Instructions to follow
Make an exact copy of the entries below, with all images left out.

....

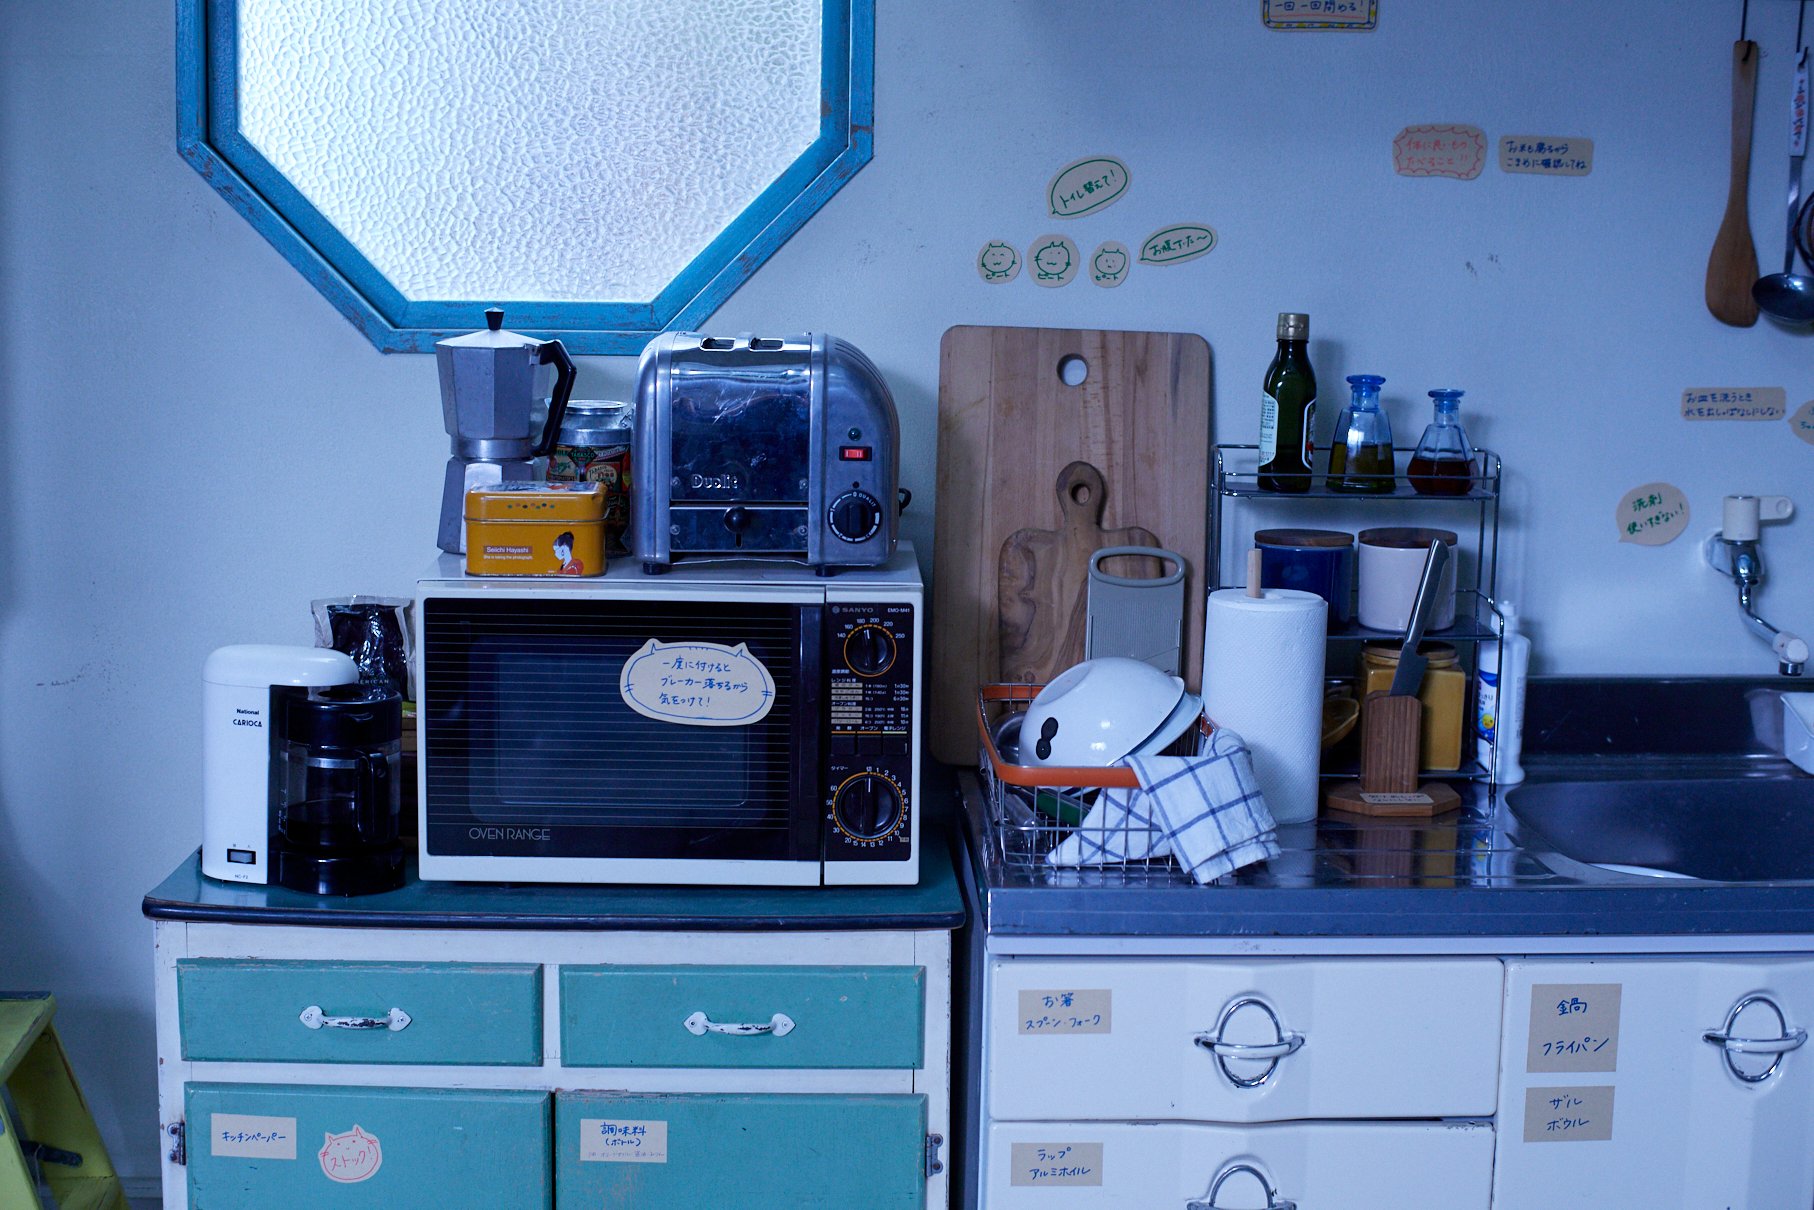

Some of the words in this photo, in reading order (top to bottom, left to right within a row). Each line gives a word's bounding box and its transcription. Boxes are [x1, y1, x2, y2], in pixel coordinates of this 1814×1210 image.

[691, 473, 738, 489] Dualit
[1632, 492, 1663, 512] 洗剤
[506, 546, 529, 554] Hayashi
[662, 655, 731, 673] 一度に付けると
[660, 675, 749, 693] ブレーカー落ちるから
[658, 692, 711, 708] 気をつけて!
[232, 719, 263, 727] CARIOCA
[468, 827, 504, 840] OVEN
[506, 828, 551, 841] RANGE
[1042, 992, 1074, 1009] お箸
[1556, 997, 1588, 1016] 鍋
[1543, 1036, 1609, 1056] フライパン
[1549, 1094, 1583, 1110] ザル
[600, 1121, 647, 1137] 調味料
[1546, 1117, 1590, 1132] ボウル
[221, 1130, 287, 1143] キッチンペーパー
[330, 1145, 374, 1171] ストック!
[1037, 1146, 1072, 1161] ラップ
[1029, 1166, 1091, 1181] アルミホイル
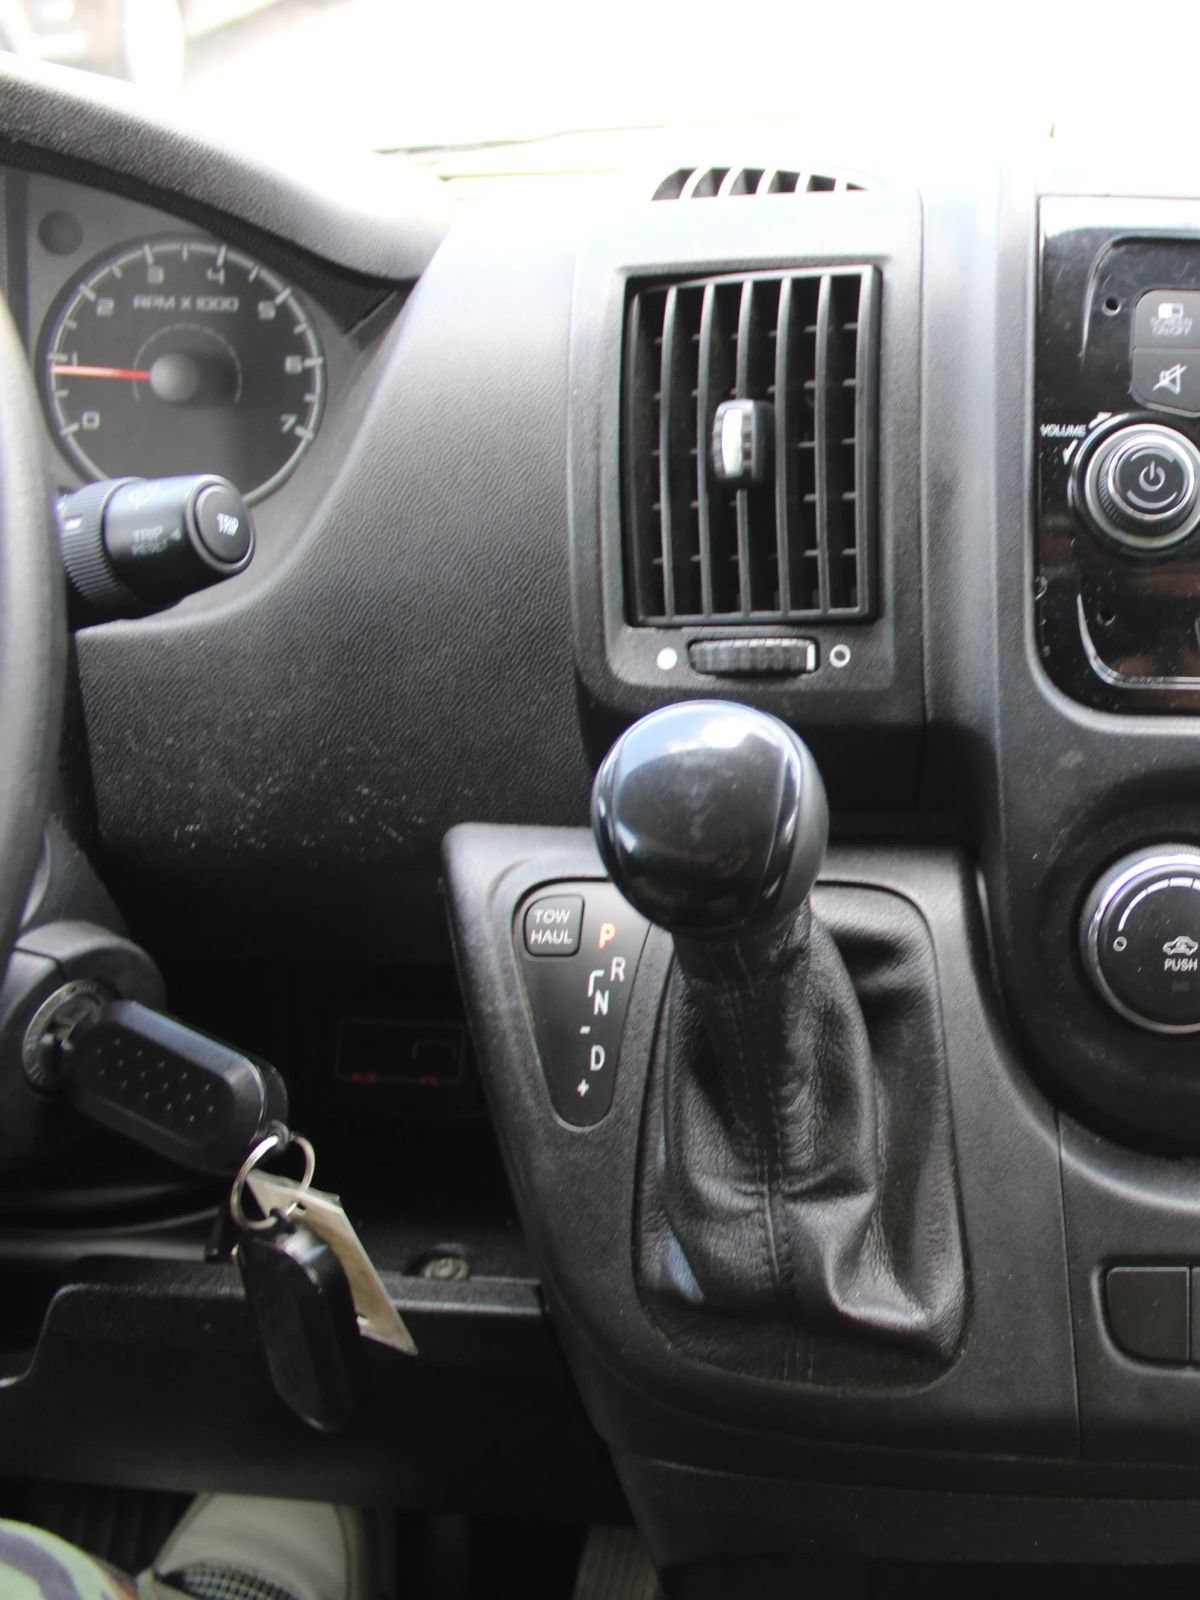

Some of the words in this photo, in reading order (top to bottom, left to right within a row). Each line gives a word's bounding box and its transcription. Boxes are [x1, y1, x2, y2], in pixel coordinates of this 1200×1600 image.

[207, 266, 226, 285] 4
[133, 295, 176, 311] RPM
[181, 295, 192, 311] X
[196, 295, 239, 312] 1000
[82, 411, 100, 430] 0
[280, 414, 297, 433] 7
[1040, 423, 1087, 438] VOLUME
[216, 512, 239, 537] TRIP
[534, 909, 571, 924] TOW
[530, 929, 573, 944] HAUL
[599, 923, 616, 949] P
[610, 956, 626, 982] R
[1164, 958, 1198, 972] PUSH
[594, 990, 610, 1016] N
[590, 1045, 606, 1071] D
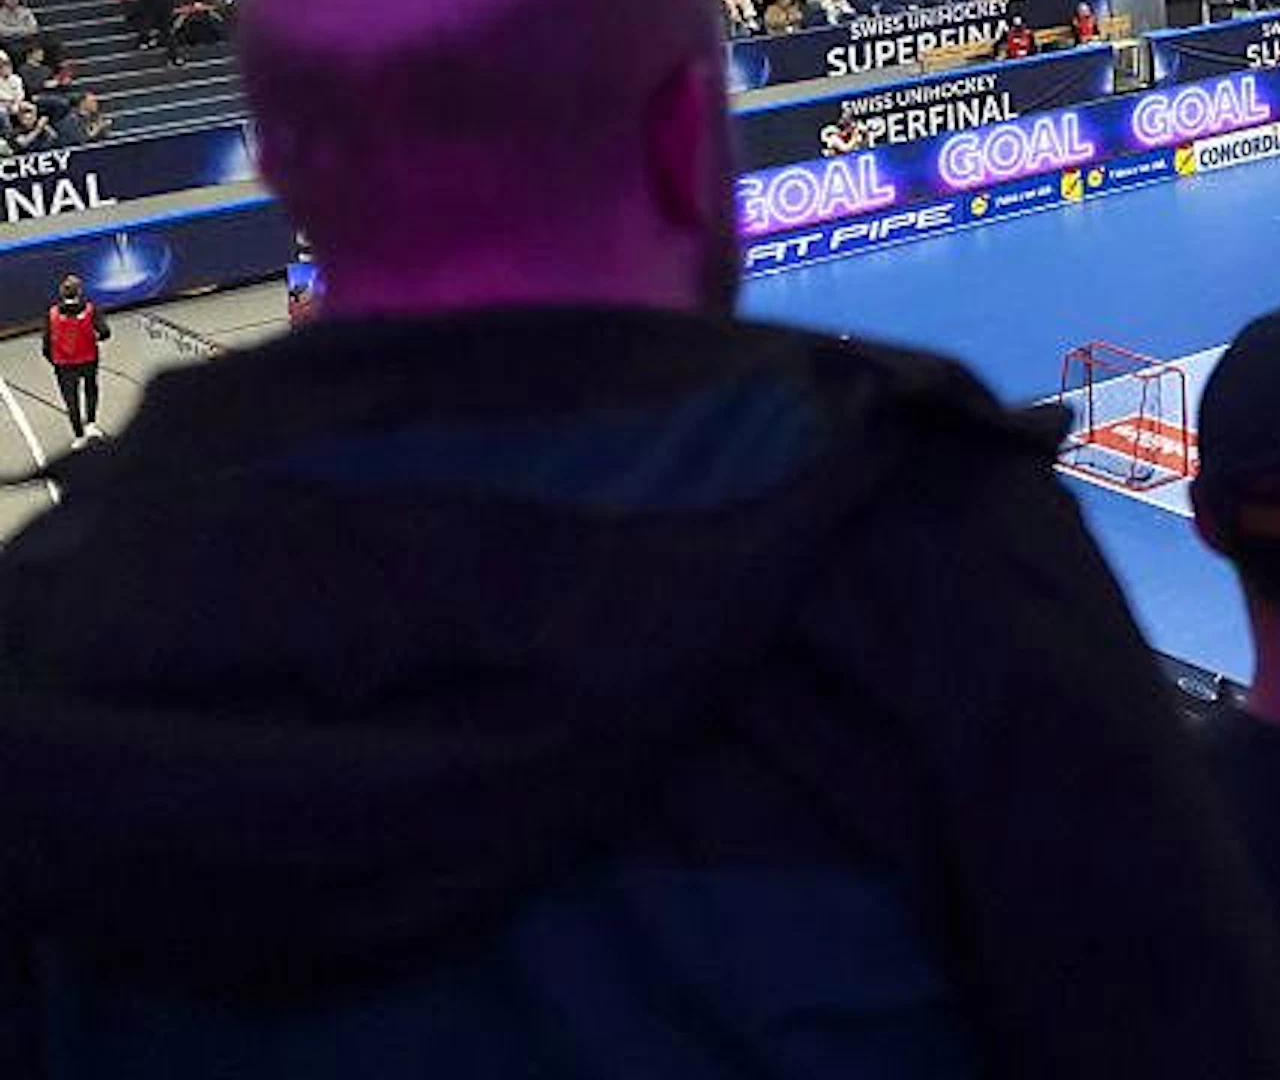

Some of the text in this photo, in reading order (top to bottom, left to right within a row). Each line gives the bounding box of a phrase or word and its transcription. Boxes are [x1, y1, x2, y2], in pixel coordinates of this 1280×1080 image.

[827, 19, 1011, 78] SUPERFINA
[851, 0, 1007, 41] SWISS UNIHOCKEY
[820, 94, 1019, 157] SPERFINAL
[841, 75, 998, 123] SWISS UNIHOCKEY
[1131, 76, 1271, 147] GOAL
[0, 149, 72, 182] CKEY
[938, 112, 1095, 189] GOAL
[4, 174, 117, 224] NAL
[745, 203, 956, 270] AT PIPE
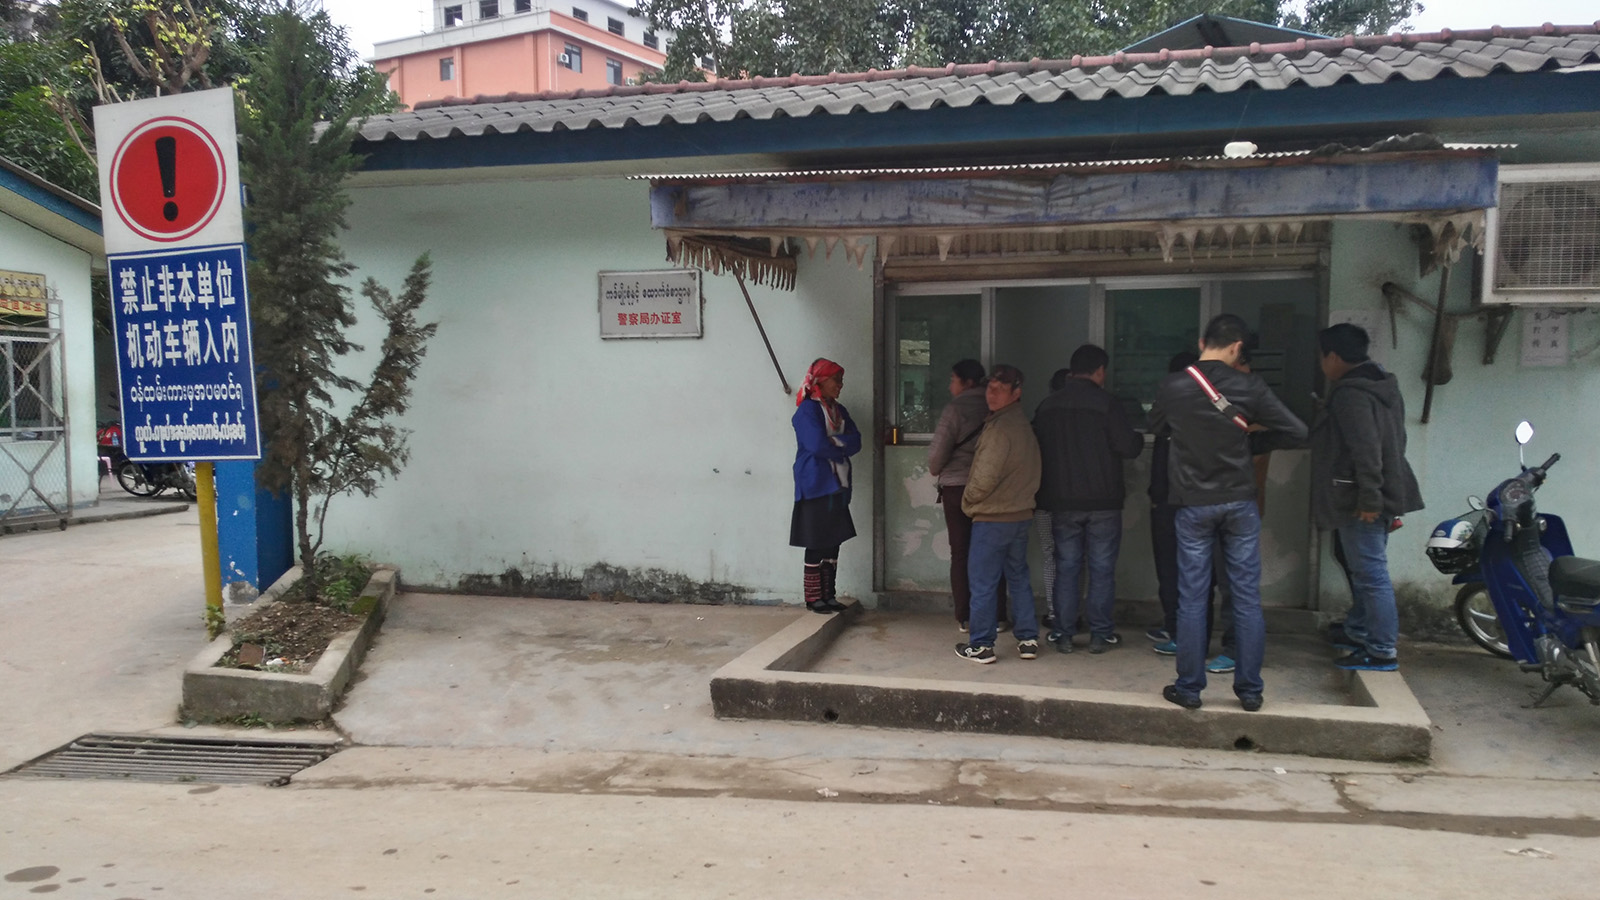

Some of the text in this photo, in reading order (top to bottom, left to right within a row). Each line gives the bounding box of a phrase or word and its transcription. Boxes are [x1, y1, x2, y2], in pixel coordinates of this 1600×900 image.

....

Answer space
Some of the words in this photo, in reading order (top to bottom, left to right within a row). Each line gives a word's bounding box and its transcription. Boxes are [x1, y1, x2, y2], in pixel coordinates of this 1814×1210 image.

[691, 473, 738, 489] Dualit
[1632, 492, 1663, 512] 洗剤
[506, 546, 529, 554] Hayashi
[662, 655, 731, 673] 一度に付けると
[660, 675, 749, 693] ブレーカー落ちるから
[658, 692, 711, 708] 気をつけて!
[232, 719, 263, 727] CARIOCA
[468, 827, 504, 840] OVEN
[506, 828, 551, 841] RANGE
[1042, 992, 1074, 1009] お箸
[1556, 997, 1588, 1016] 鍋
[1543, 1036, 1609, 1056] フライパン
[1549, 1094, 1583, 1110] ザル
[600, 1121, 647, 1137] 調味料
[1546, 1117, 1590, 1132] ボウル
[221, 1130, 287, 1143] キッチンペーパー
[330, 1145, 374, 1171] ストック!
[1037, 1146, 1072, 1161] ラップ
[1029, 1166, 1091, 1181] アルミホイル

Some of the words in this photo, in reading order (top to bottom, left to right within a row). Each line gives a word's bounding box and its transcription. Boxes are [x1, y1, x2, y2], in pixel coordinates of this 1200×1600 image.

[207, 266, 226, 285] 4
[133, 295, 176, 311] RPM
[181, 295, 192, 311] X
[196, 295, 239, 312] 1000
[82, 411, 100, 430] 0
[280, 414, 297, 433] 7
[1040, 423, 1087, 438] VOLUME
[216, 512, 239, 537] TRIP
[534, 909, 571, 924] TOW
[530, 929, 573, 944] HAUL
[599, 923, 616, 949] P
[610, 956, 626, 982] R
[1164, 958, 1198, 972] PUSH
[594, 990, 610, 1016] N
[590, 1045, 606, 1071] D

Some of the text in this photo, in reading order (top to bottom, left to right within a row). Each line gives the bounding box of a phrase or word and its transcription. Boxes are [x1, y1, x2, y2], in pixel coordinates of this 1280×1080 image.

[827, 19, 1011, 78] SUPERFINA
[851, 0, 1007, 41] SWISS UNIHOCKEY
[820, 94, 1019, 157] SPERFINAL
[841, 75, 998, 123] SWISS UNIHOCKEY
[1131, 76, 1271, 147] GOAL
[0, 149, 72, 182] CKEY
[938, 112, 1095, 189] GOAL
[4, 174, 117, 224] NAL
[745, 203, 956, 270] AT PIPE

Some of the text in this photo, in reading order (top to bottom, left to right within a row). Each line gives the bounding box of a phrase or word and its transcription. Boxes are [x1, y1, x2, y2], in pixel coordinates of this 1600×900 image.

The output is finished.